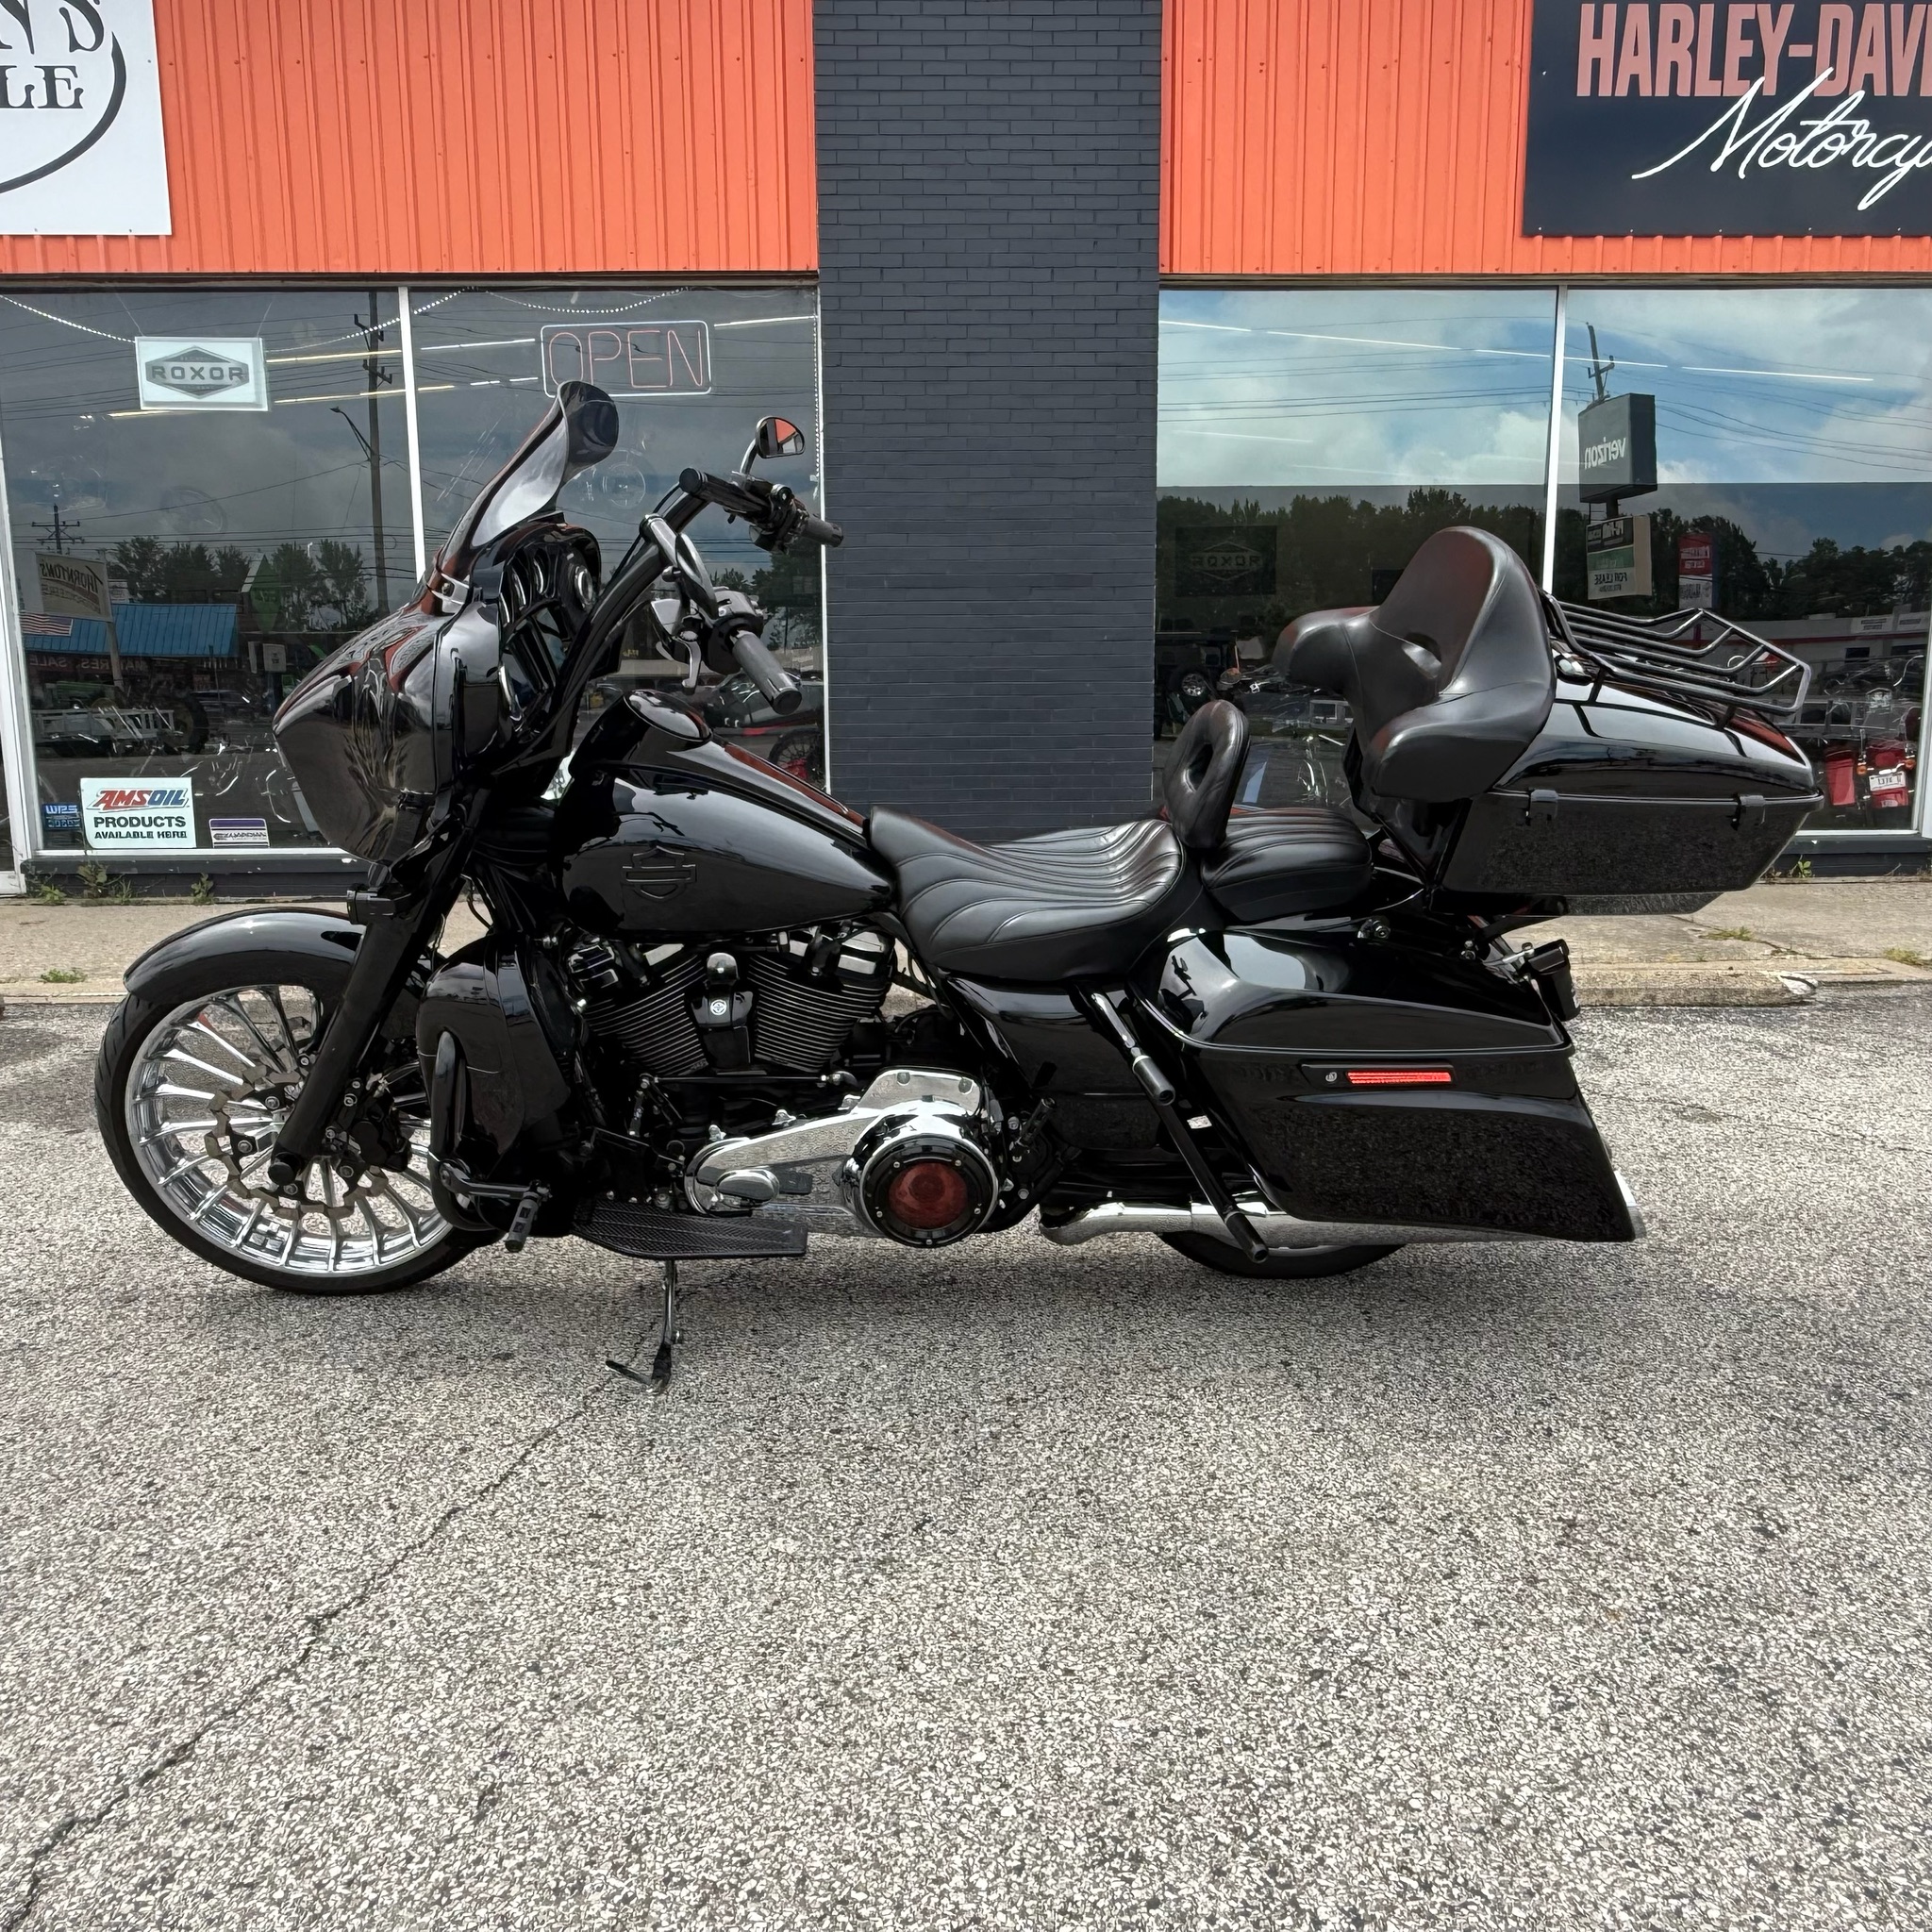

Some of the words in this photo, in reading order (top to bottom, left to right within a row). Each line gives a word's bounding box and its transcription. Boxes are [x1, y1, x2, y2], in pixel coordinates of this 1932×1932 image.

[1631, 67, 1932, 210] Motorcy
[549, 330, 703, 388] OPEN
[151, 365, 244, 381] ROXOR
[93, 789, 188, 810] AMSOIL
[93, 816, 187, 828] PRODUCTS
[94, 831, 154, 840] AVAILABLE
[157, 830, 187, 840] HERE
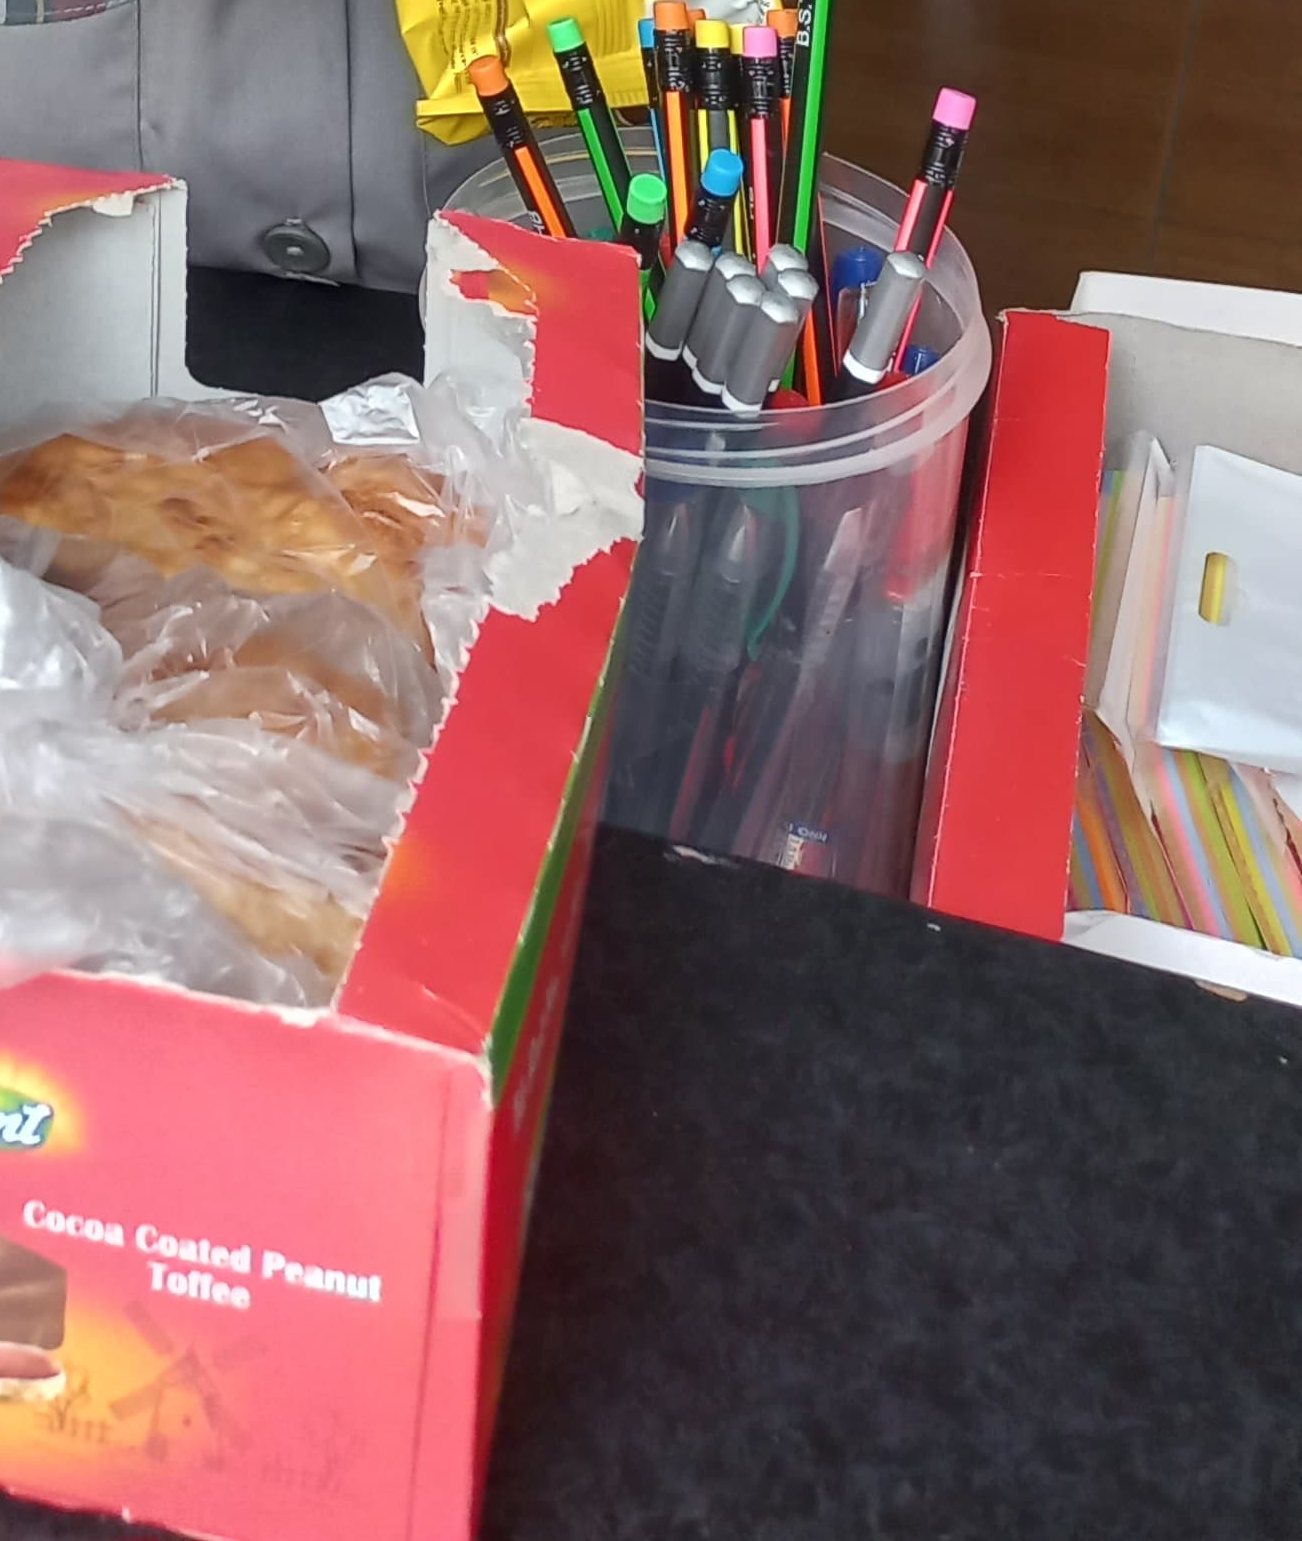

§ §

• _Task item_:
Could each line of the data be written out exactly, with no pictures included?

• _Finished task_:
Some of the words in this photo, in reading order (top to bottom, left to right within a row). Each line gives a word's bounding box and its transcription. Boxes are [x1, y1, x2, y2], in pixel coordinates of this 1932×1932 image.

[1631, 67, 1932, 210] Motorcy
[549, 330, 703, 388] OPEN
[151, 365, 244, 381] ROXOR
[93, 789, 188, 810] AMSOIL
[93, 816, 187, 828] PRODUCTS
[94, 831, 154, 840] AVAILABLE
[157, 830, 187, 840] HERE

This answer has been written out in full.